A long time ago I caught Bahman Ghobadi A Time for Drunken Horses, easily one of the most miserable films I have ever seen. Not only were the characters orphaned Kurdish kids (that is, orphans within a society itself orphaned and oppressed by surrounding territories), one of them was a deformed dwarf. Something must have changed since then. I missed the intervening films, but Ghobadi Half Moon is not just stranger than most Iranian films dare to be, it is outright bizarre by any standard.
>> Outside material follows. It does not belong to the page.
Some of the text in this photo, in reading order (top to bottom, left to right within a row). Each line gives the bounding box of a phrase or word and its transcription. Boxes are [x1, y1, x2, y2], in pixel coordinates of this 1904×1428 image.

A group of Kurdish musicians set out to perform in newly liberated Kurdish Iraq, having labored for seven months to get the permit. Things predictably go from optimism to worst-case scenario in record time, but for very odd reasons. Lead musician Mamo (Ismail Ghaffari) makes a pit stop along the way to collect his female vocalist Hesho (Hedieh Tehrani). She is no ordinary singer, though, but one of female singers exiled to a city on territory forbidden to civilians where the women apparently spend all day singing in voices which sound like one human singing. Forget even the sheer impossibility of this scenario; the sight of the women standing in what looks like an ancient Mesopotamian village and singing together before breaking out into a spontaneous musical number is indelible.
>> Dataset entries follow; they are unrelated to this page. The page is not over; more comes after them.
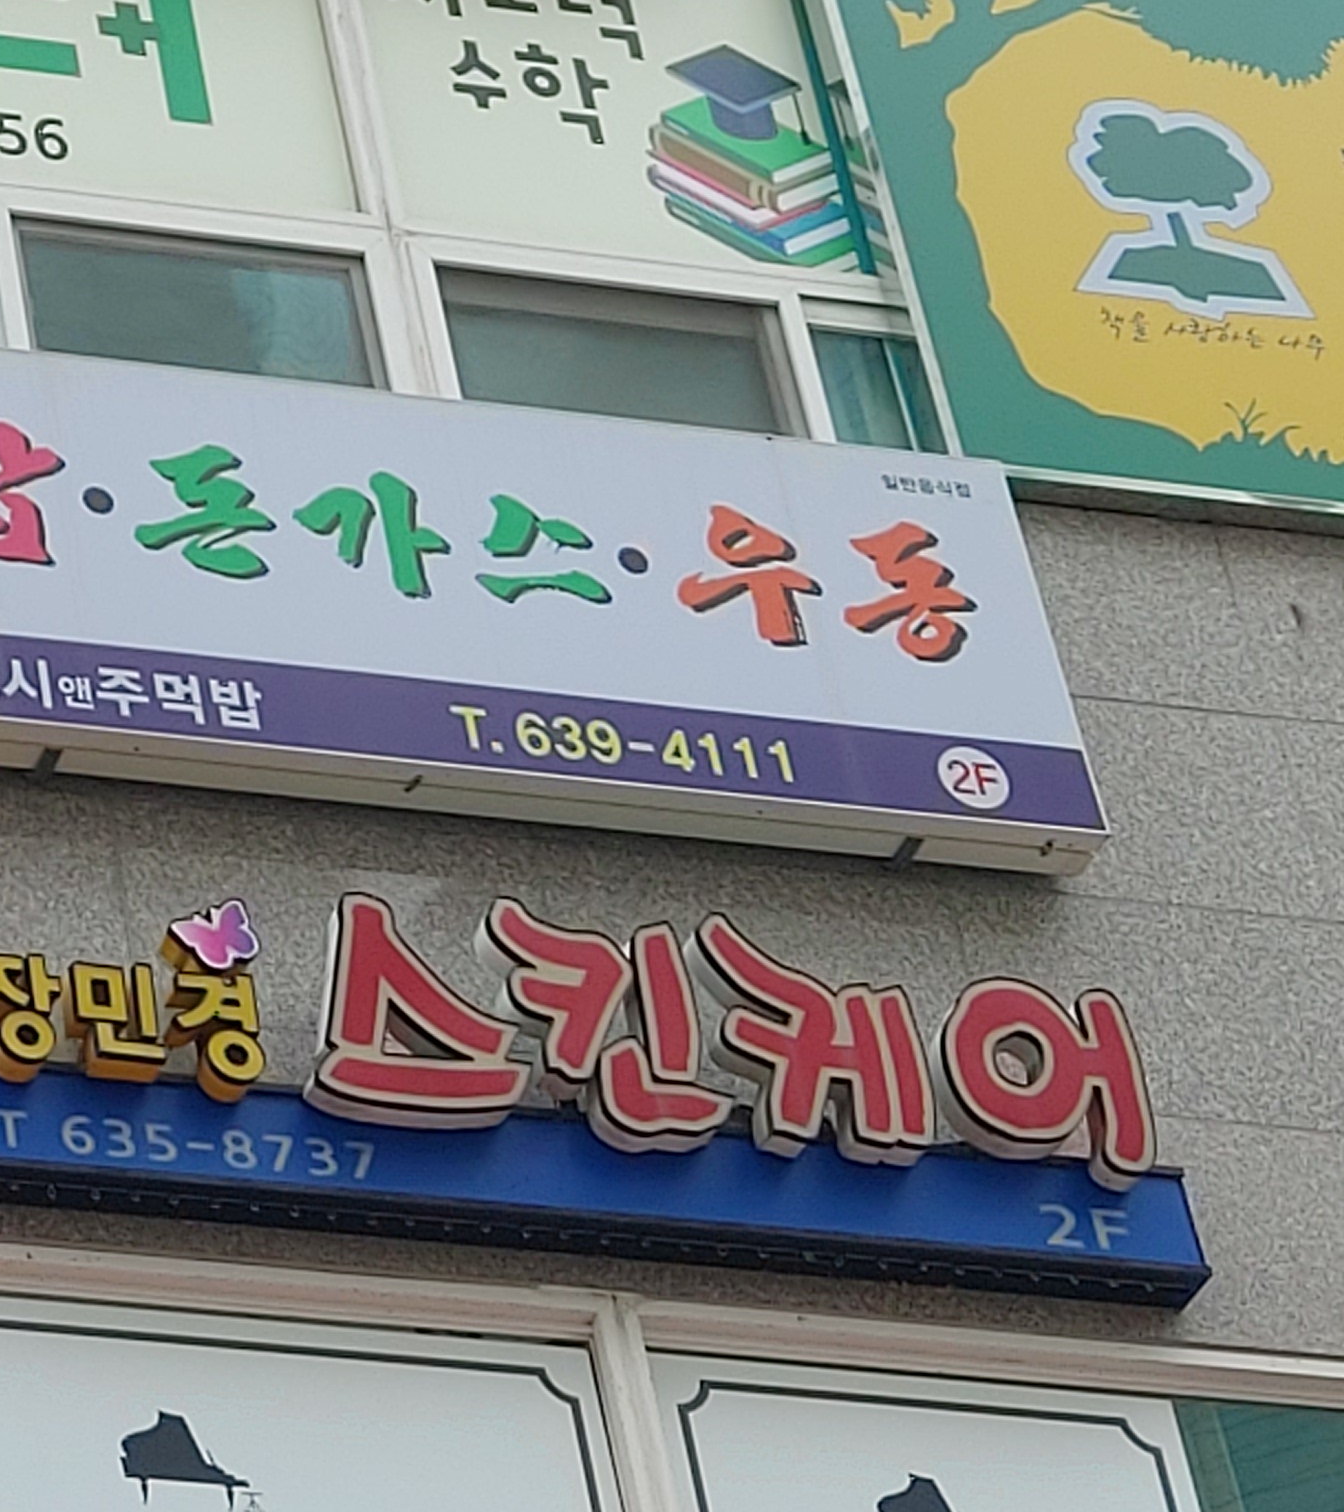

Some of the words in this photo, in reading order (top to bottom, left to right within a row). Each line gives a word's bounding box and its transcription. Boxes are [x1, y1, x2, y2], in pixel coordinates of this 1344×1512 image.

[451, 39, 610, 145] 수학
[946, 758, 1001, 797] 2F
[318, 892, 1157, 1180] 스킨케어
[62, 1115, 376, 1180] 635-8737
[1038, 1203, 1131, 1251] 2F
Half Moon is full of similar weird flights of fancy that justify Fellini comparisons, and eventually the dream sequences become practically incomprehensible. Ghobadi can no longer be accused of beating his audience into emotional submission. Half Moon is by turns alternately rich and strange and, occasionally, didactic and/or indecipherable. The results are uneasy but mostly compelling; Ghobadi might yet become important as more than the world token Kurdish auteur.